BEGIN Information
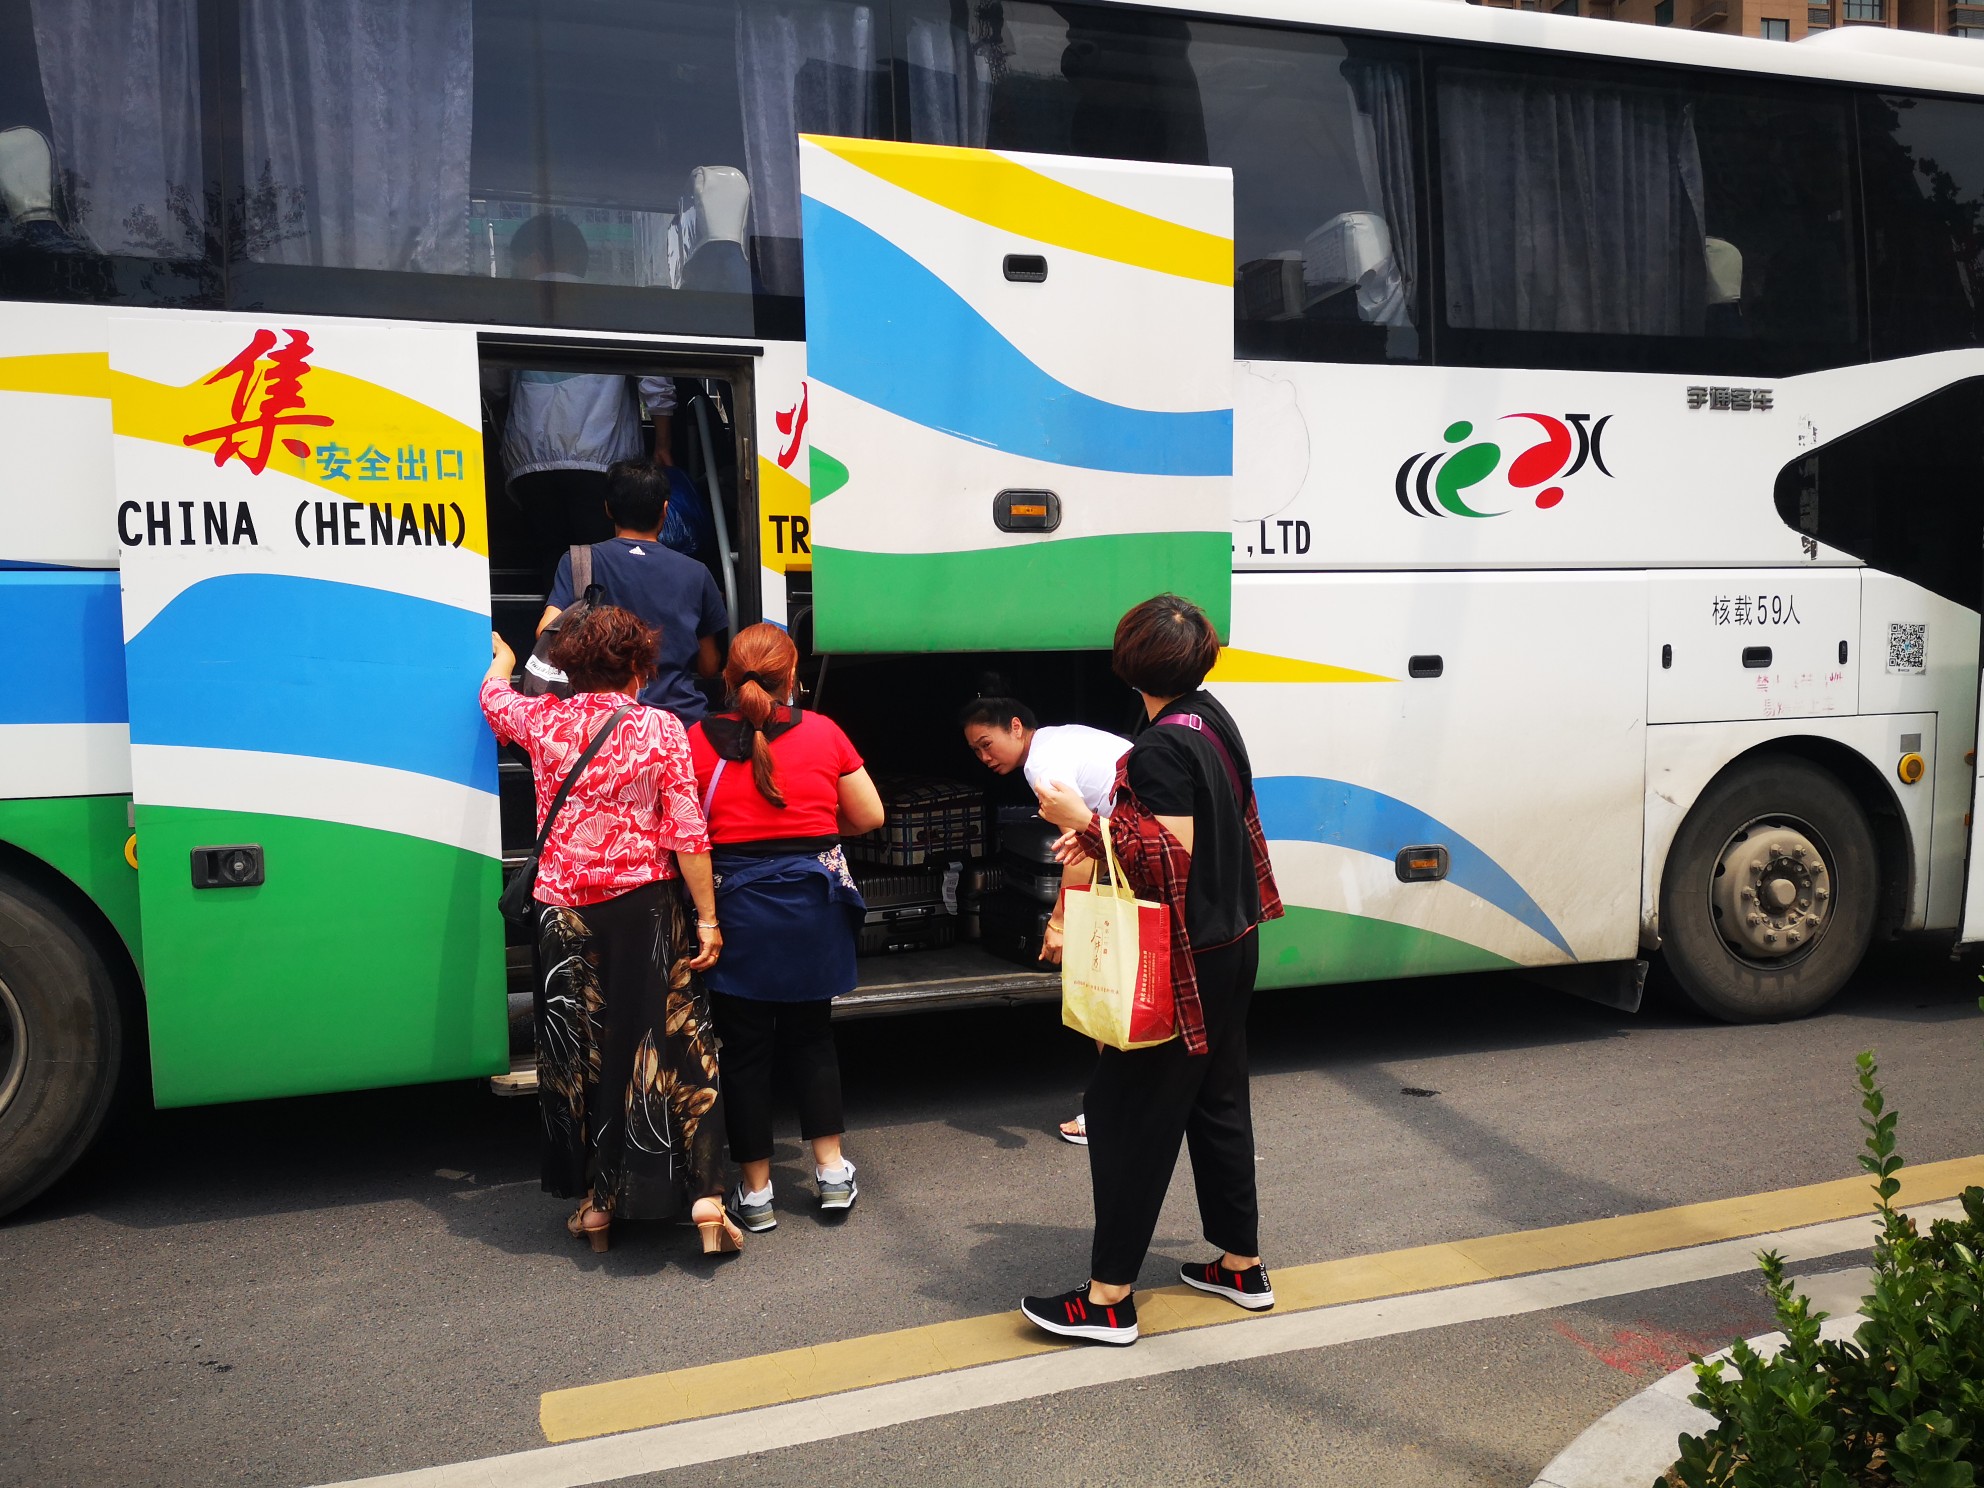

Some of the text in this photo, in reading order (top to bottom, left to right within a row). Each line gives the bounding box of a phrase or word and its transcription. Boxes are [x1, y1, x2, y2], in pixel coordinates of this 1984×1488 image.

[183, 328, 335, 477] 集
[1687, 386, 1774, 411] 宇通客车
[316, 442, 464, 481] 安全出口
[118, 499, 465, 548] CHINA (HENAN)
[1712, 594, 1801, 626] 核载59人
END Information
# [Task to carry out]
Return the full set of lines above word for word and with no pictures.

# [Expected answer]
Some of the text in this photo, in reading order (top to bottom, left to right within a row). Each line gives the bounding box of a phrase or word and its transcription. Boxes are [x1, y1, x2, y2], in pixel coordinates of this 1984×1488 image.

[183, 328, 335, 477] 集
[1687, 386, 1774, 411] 宇通客车
[316, 442, 464, 481] 安全出口
[118, 499, 465, 548] CHINA (HENAN)
[1712, 594, 1801, 626] 核载59人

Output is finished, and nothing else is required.